Der Boulevard brachte J.R. Ewing, die Figur aus der Serie „Dallas“, mit der Mozartkugel und mit dem österreichischen Rundfunk-Chef auf ein- und derselben Seite. In Salzburg war Larry Hagman privat abgestiegen und in Wien hatte Gerd Bacher etwas über den ORF gesagt. Das war nicht das Gleiche. Es war nicht homolog, nicht analog, doch der Journalist hatte es auf eine Seite gestellt, die sogar mit einem Begriff übertitelt war. Der Begriff lautete „Szene“. Man hatte sich bei der Zeitung offenbar gedacht: Der Schauspieler Hagman und der Medienmanager Bacher sind Promis - Promis gehören zu einer Szene - und „Dallas“ wird durch den ORF ausgestrahlt. So funktioniert flüchtiges Denken, wenn es eine provisorische Ordnung schafft. Bevor Hagman in Salzburg eintraf, hatte er anderswo schon gesagt, dass er aus der Serie ausscheiden und die Serie ihr Ende finden werde. In Wien hatte der auf Werbung bedachte Bacher Neuerungen im Fernseh-Programm angekündigt. Für die simple Nachricht, dass Hagman in Salzburg gelandet war, wählte der Journalist den Titel: „J.R. gibt sich die Mozartkugel“.
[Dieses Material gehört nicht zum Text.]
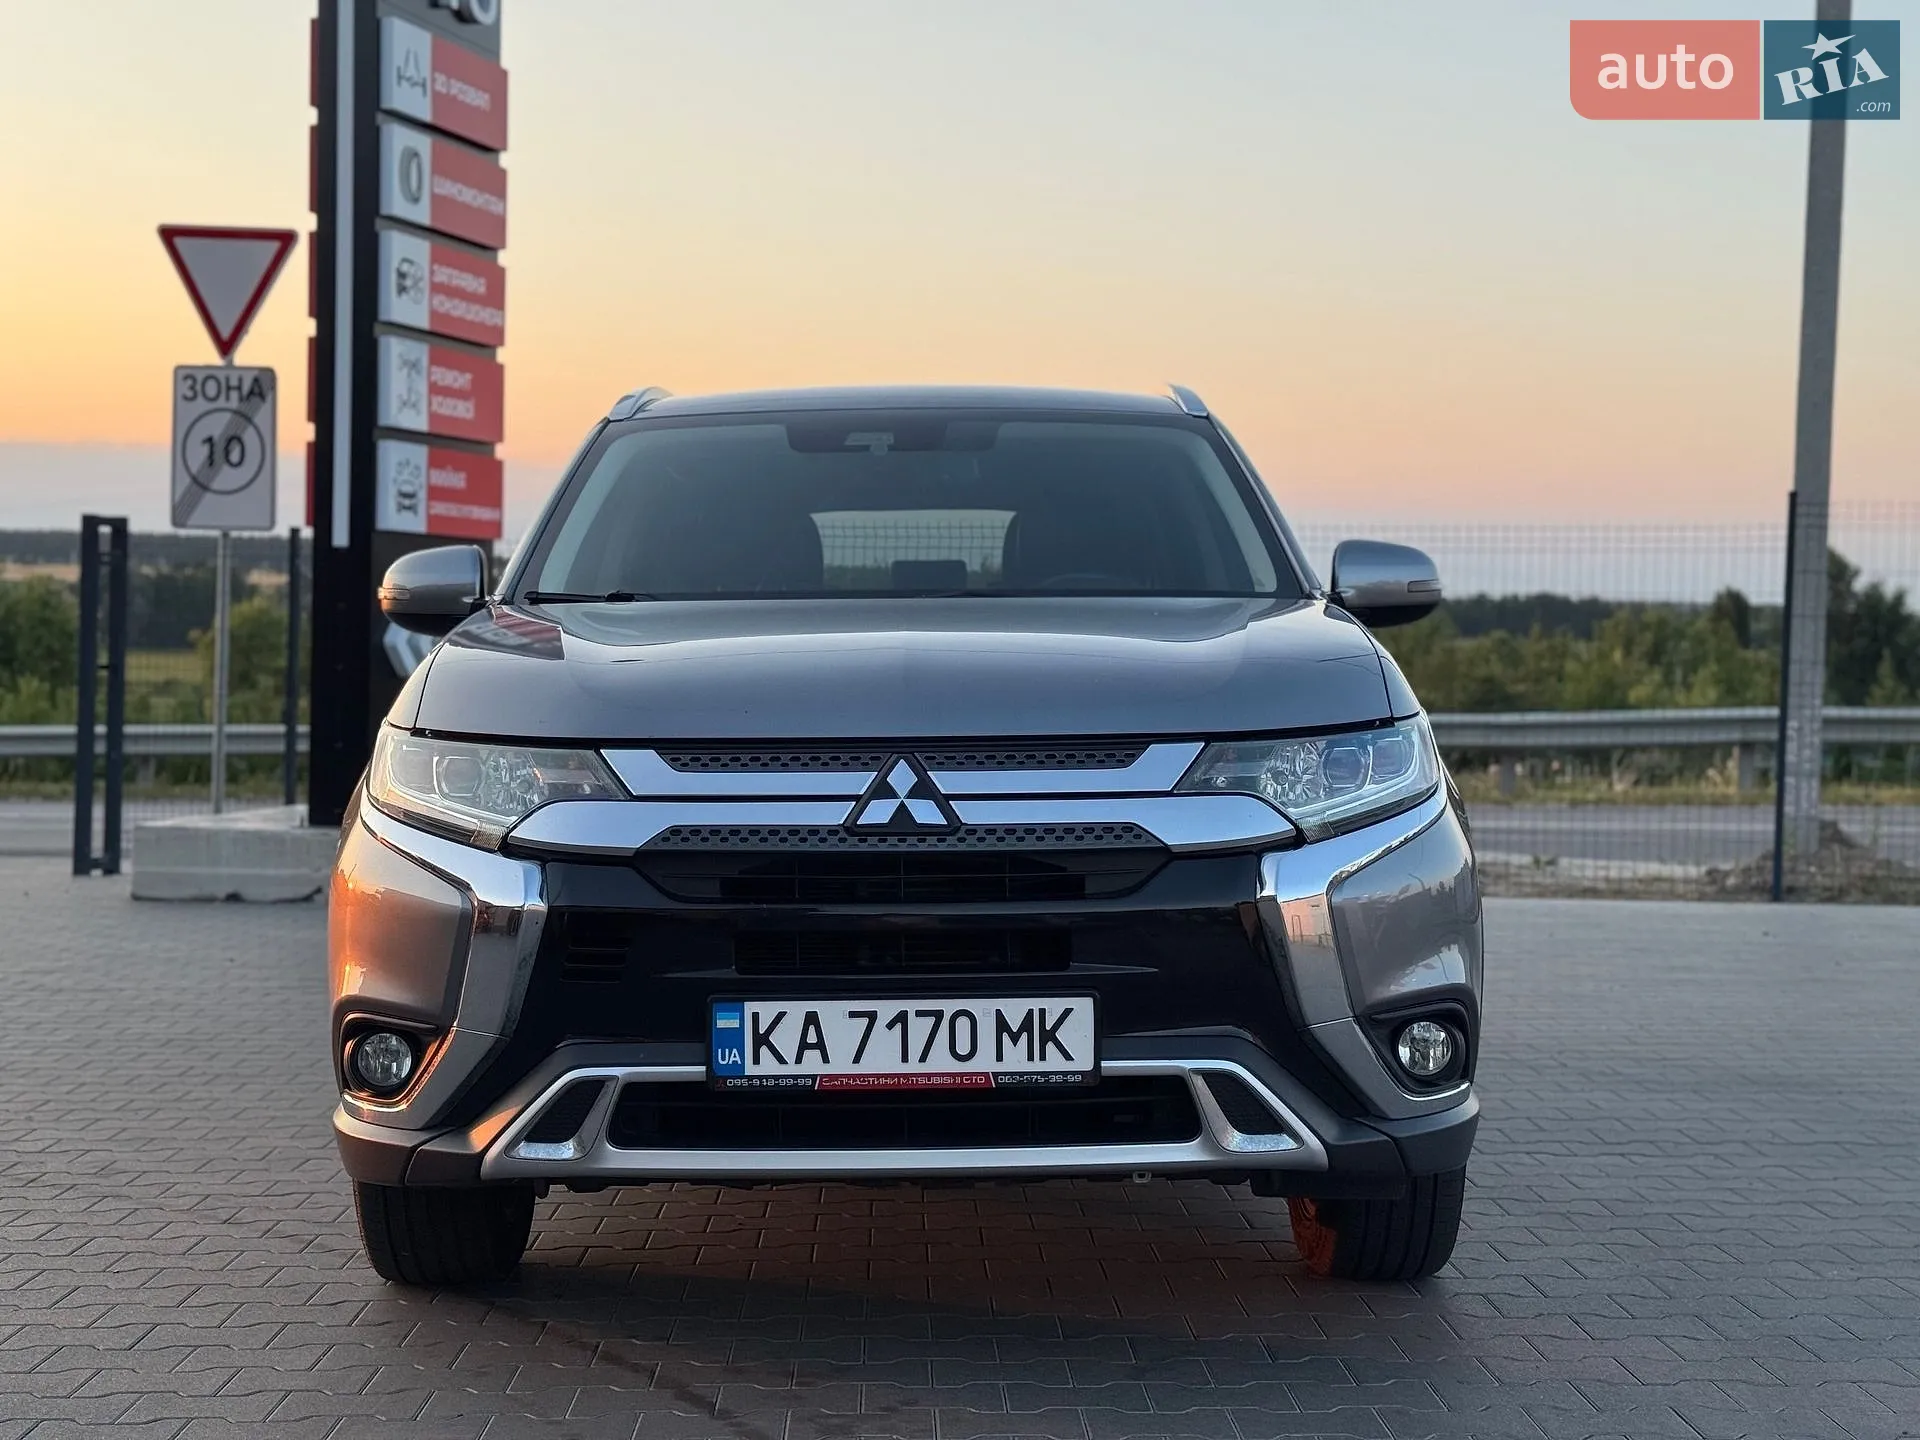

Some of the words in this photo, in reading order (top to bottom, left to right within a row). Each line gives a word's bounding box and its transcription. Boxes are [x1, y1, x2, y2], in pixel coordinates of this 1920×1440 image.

[181, 374, 266, 403] ЗОНА
[201, 436, 245, 468] 10
[751, 1011, 830, 1066] KA
[848, 1008, 979, 1064] 7170
[995, 1007, 1075, 1062] MK
[717, 1048, 742, 1065] UA
[900, 1076, 960, 1085] MITSUBISHI
Das Ineinanderschieben von verschiedenen Bedeutungen in die Form eines Satzes bringt auf den ersten Blick Kurzweil und Spaß. Der Leser „knackt“ die Überschrift durch die genaue Lektüre des Beitrags und wird durch ein „Aha“ belohnt. Auch kann der Journalist annehmen, dass der Leser die besagte Seite nicht überblättert. Doch auf den zweiten Blick bleibt es offen, ob Hagman als J.R. sich in der Serie erschießt oder ob Hagman als Privatperson in der Mozartstadt Mozartkugeln isst. Der flapsige Titel intendiert zwar beide Sachverhalte, der Text präzisiert aber nichts, löst keinen der Sachverhalte ein. Er erweitert nur die Bedeutung eines ursprünglichen Sachverhalts durch Assoziation.
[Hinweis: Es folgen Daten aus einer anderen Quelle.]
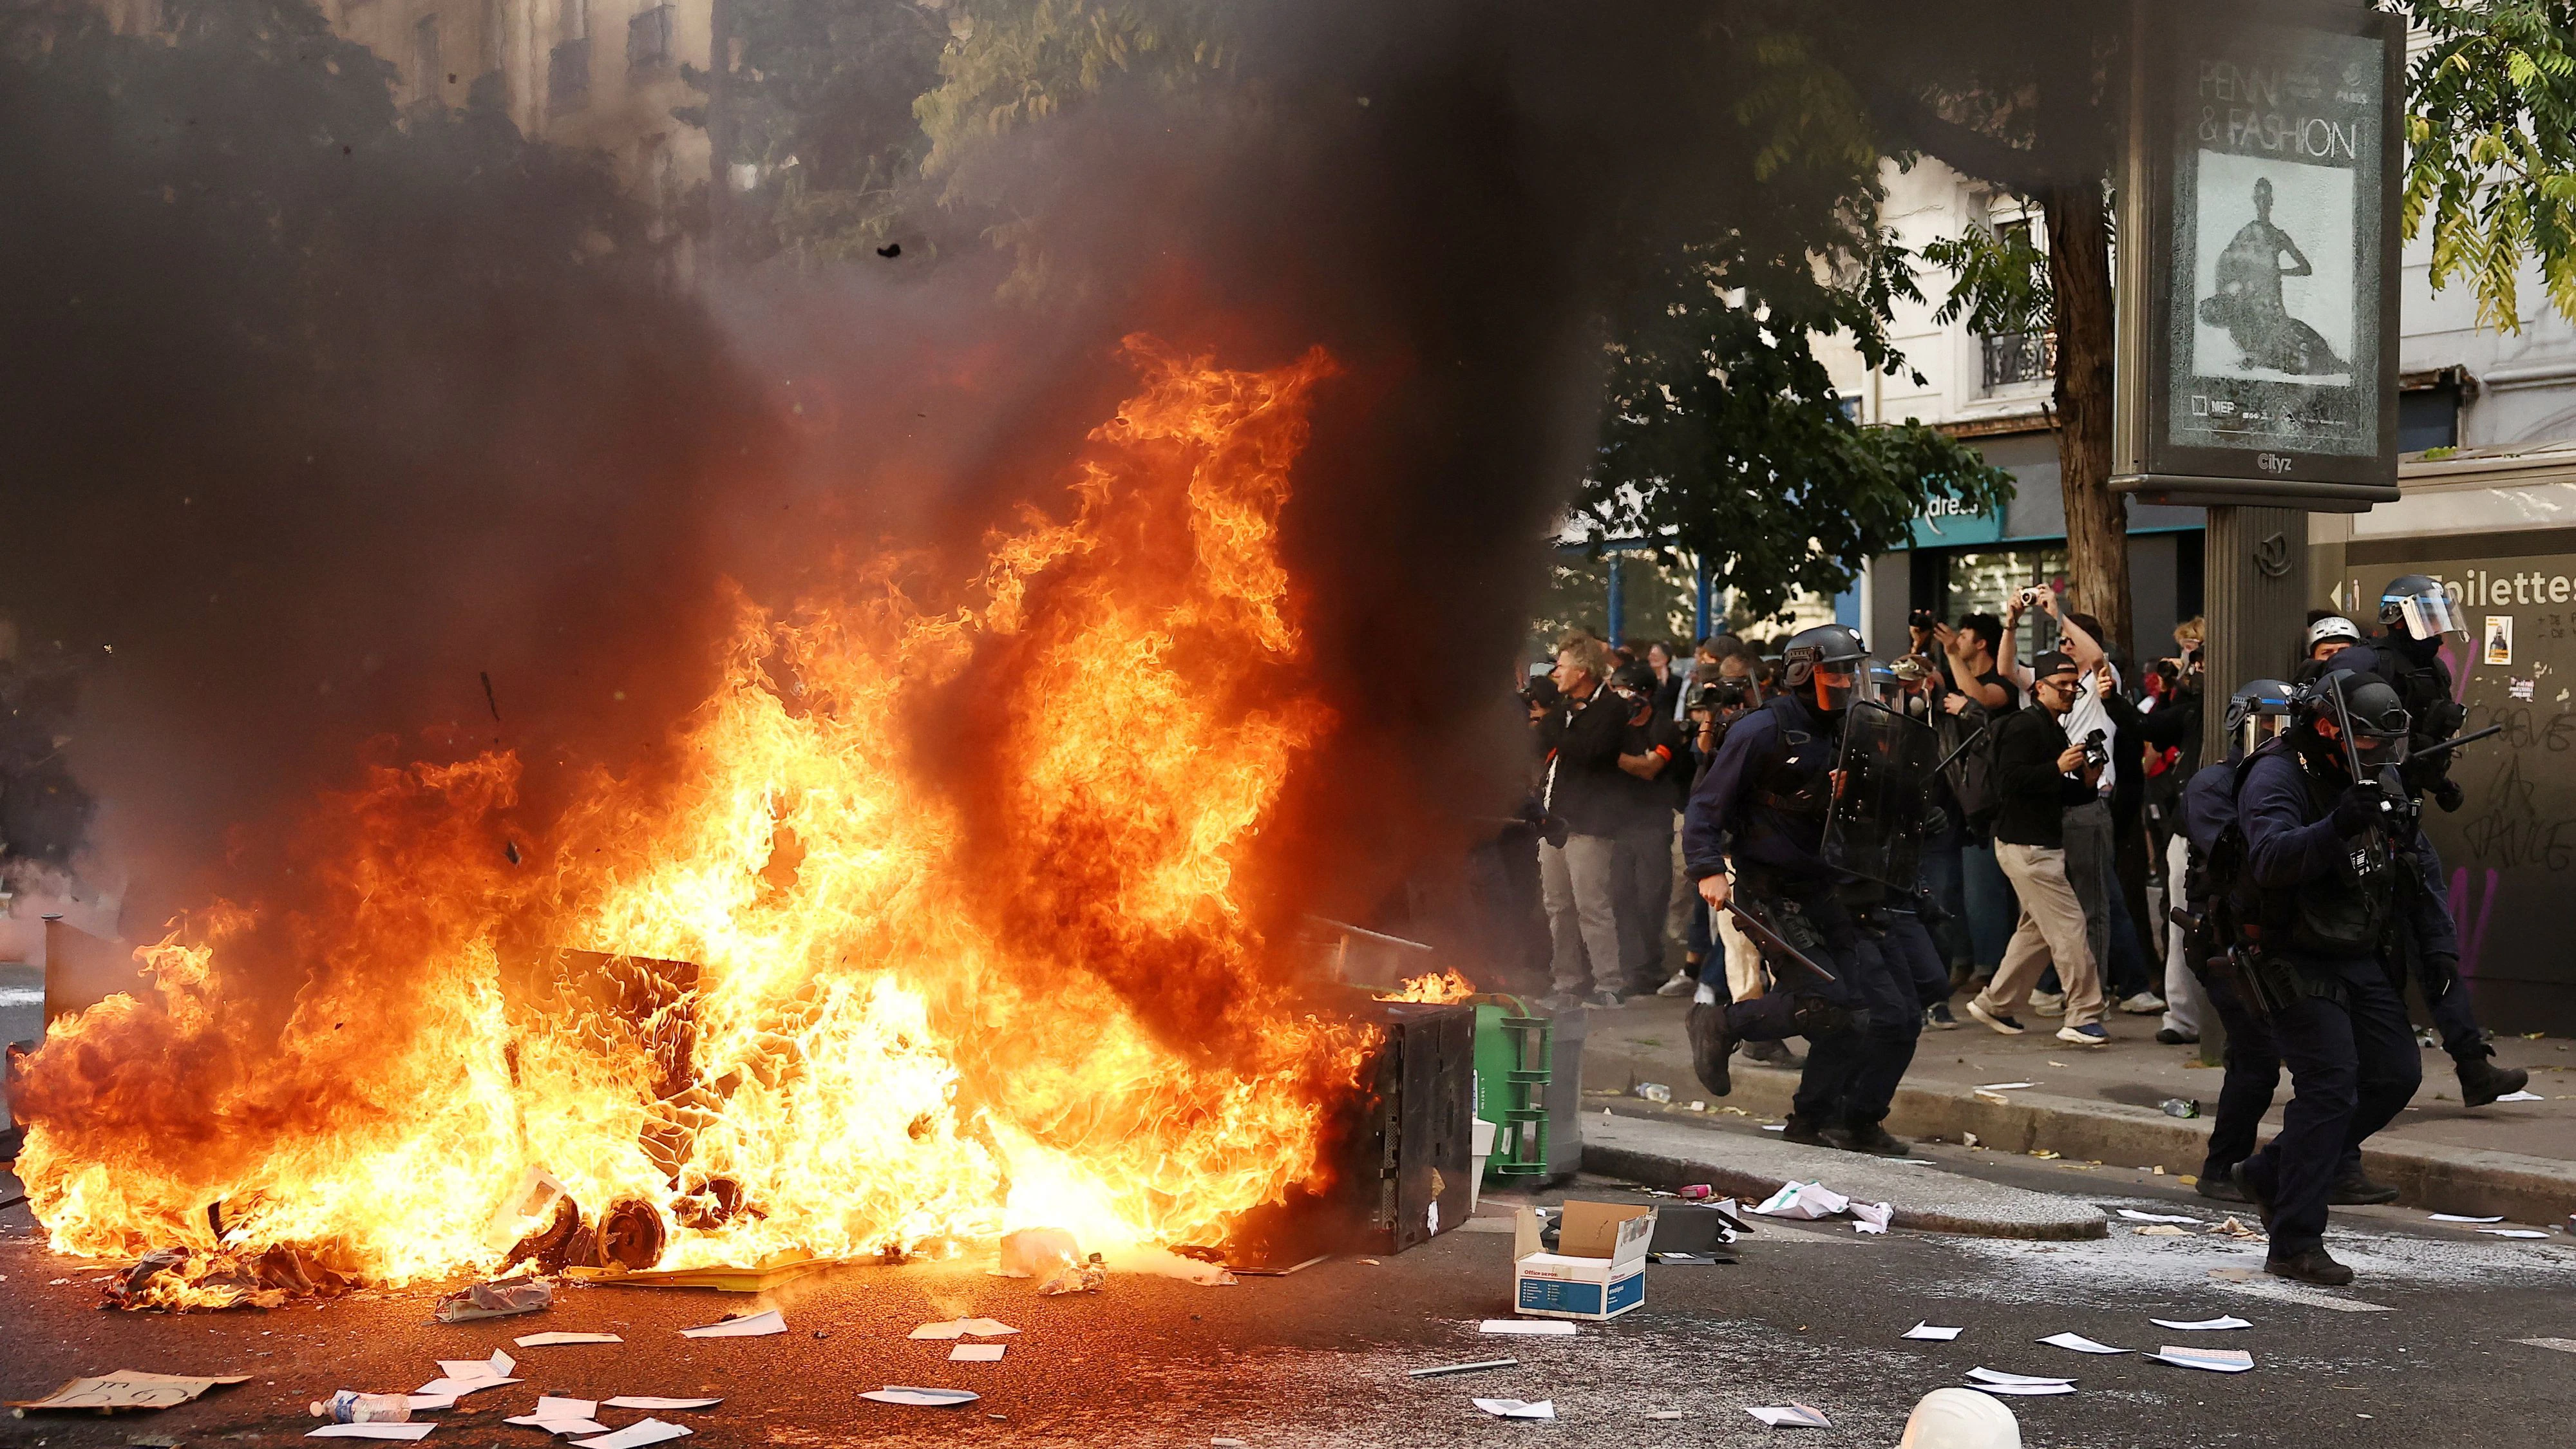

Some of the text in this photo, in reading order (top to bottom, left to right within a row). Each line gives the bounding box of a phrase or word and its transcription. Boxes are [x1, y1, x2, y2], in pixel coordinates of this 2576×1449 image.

[2199, 105, 2356, 160] & FASHION
[2211, 400, 2235, 414] MEP
[2257, 453, 2292, 473] Cityz
[2427, 569, 2576, 606] oilette
Der Journalist erregt die Aufmerksamkeit des typischen Zeitungslesers, der den Text lieber überfliegen als lesen will. Niemand gab dem Journalisten extra Geld, dass er in der Zeitung die Ankunft des Schauspielers werbesprachlich meldete. Trotzdem trieb der Journalist diesen Aufwand. Wenn er plötzlich wie ein Kabarettist formuliert, kann das den echten Kabarettisten verärgern. So wollte Hans Peter Heinzl einen Satz wie den folgenden in einer Zeitung nicht lesen: „Wien ist, wo am 10. November der anständige Bürger in die Zelle wandert.“ Der Autor dieses Satzes, sagte Heinzl sinngemäß, war entweder noch nie im Häfen oder er hat noch nie einen Stimmzettel eingeworfen. Und er hat Recht. Mit welchem Recht unterschlägt ein Profischreiber die totale Unähnlichkeit einer Gefängniszelle mit dem Wandschirm in einem Wahllokal?
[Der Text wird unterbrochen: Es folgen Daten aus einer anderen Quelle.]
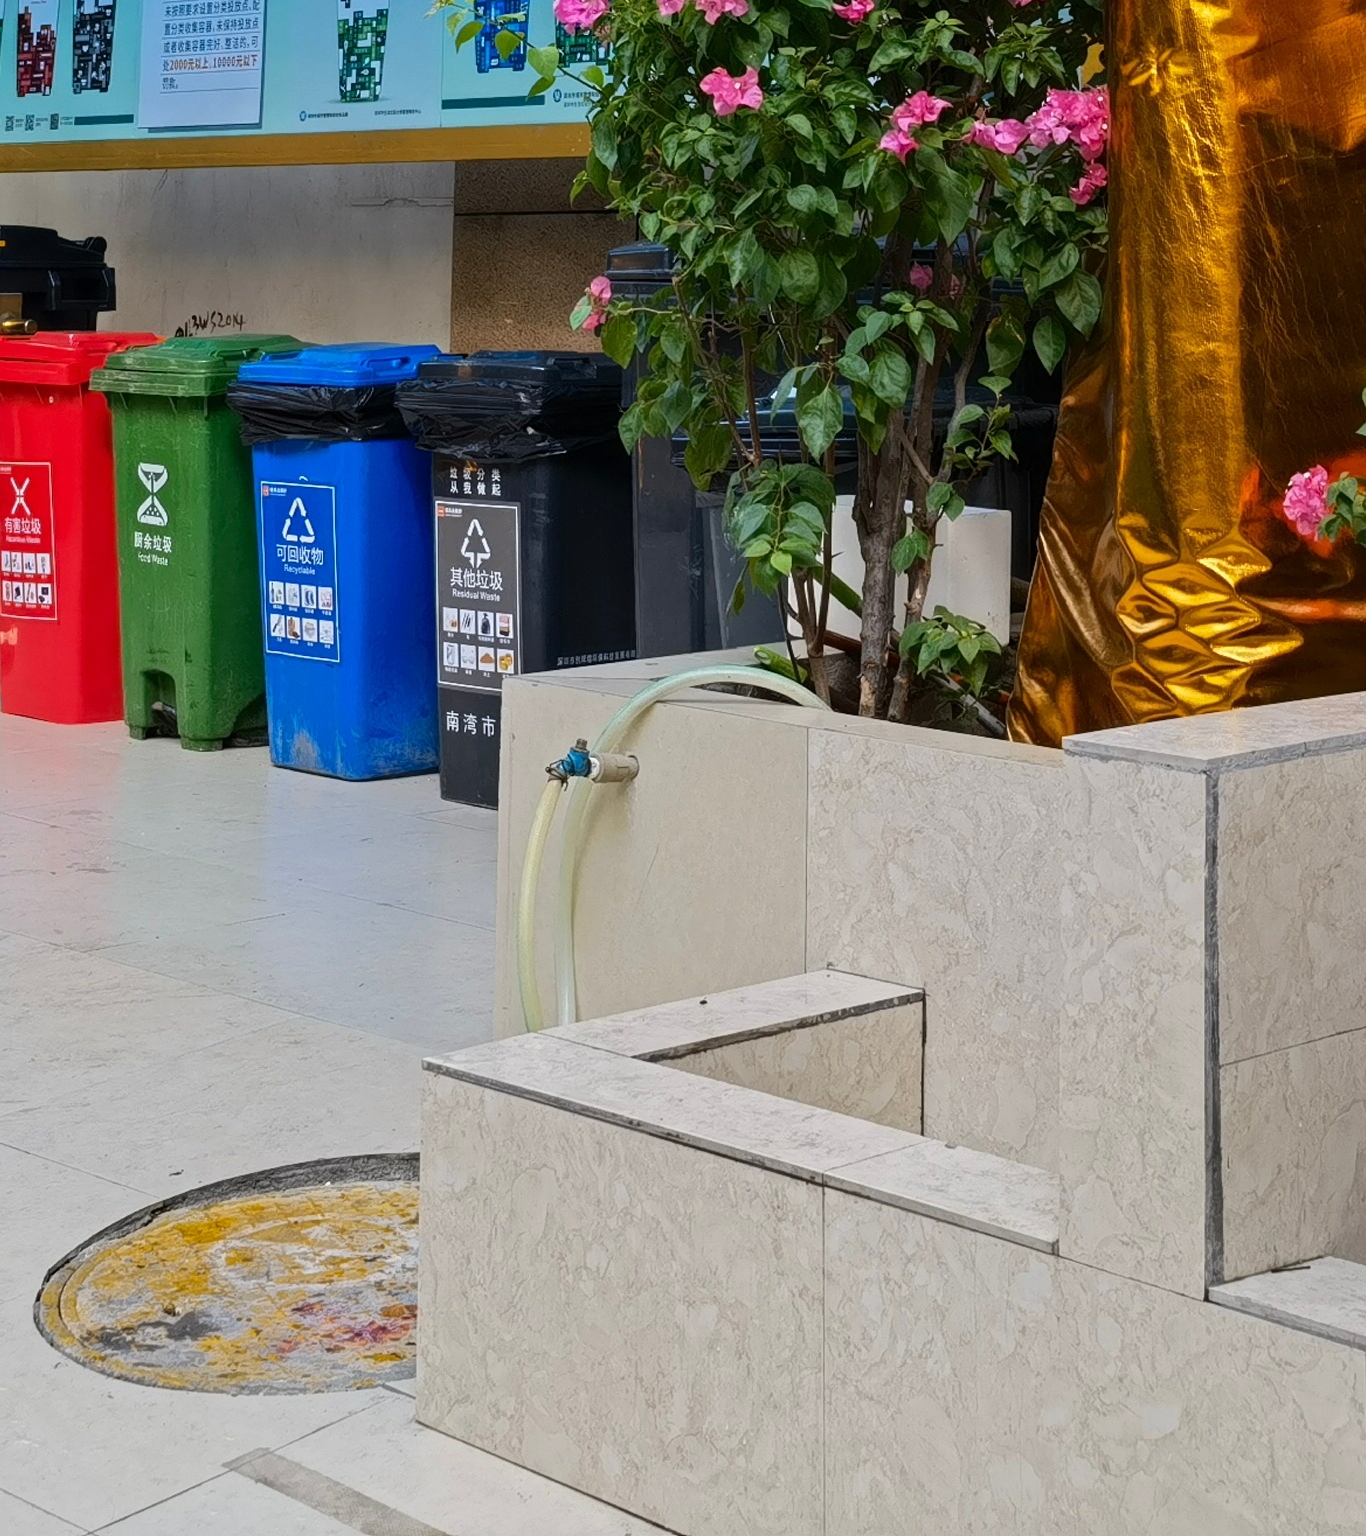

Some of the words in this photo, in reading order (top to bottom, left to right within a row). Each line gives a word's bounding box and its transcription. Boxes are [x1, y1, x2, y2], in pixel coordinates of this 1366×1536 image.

[450, 466, 501, 482] 垃圾分类
[450, 481, 501, 496] 从我做起
[5, 517, 42, 535] 有害垃圾
[134, 531, 172, 553] 厨余垃圾
[151, 554, 169, 566] Waste
[276, 544, 324, 566] 可回收物
[284, 564, 316, 575] Recyclable
[450, 567, 503, 592] 其他垃圾
[452, 588, 479, 600] Residual
[480, 591, 501, 602] Waste
[446, 710, 497, 737] 南湾市
Der Reporter – Journalist versteckt nicht nur sein Nachdenken, er verlängert – oder vernebelt – auch den Weg zum Sachverhalt. Das macht er durch sprachliche Bilder und durch indirekte Aussagen. Dabei soll er aber – für den typischen Zeitungsleser - die leichte, die schnelle und die unterhaltsame Lektüre bieten. Welcher Art ist der Journalist, der den Satz „Wiesenthal durchlitt ein Wiesen - Tal der Depression“ geschaffen hat? Dieser Journalist ist nicht dumm, sondern tückisch. Er erklärt nämlich, dass es dem Leser egal sein soll, was es mit dem Gemüt von Simon Wiesenthal – während der Angriffe durch Bruno Kreisky – auf sich hatte, er solle nur die Zeitung nicht weglegen oder beim Überfliegen innehalten. So erzeugt er absichtlich Worte wie „Husum hat Pickel“, „Der Film ist wie eine Schusswunde“, oder „Madonna ist der große Trendstaubsauger“.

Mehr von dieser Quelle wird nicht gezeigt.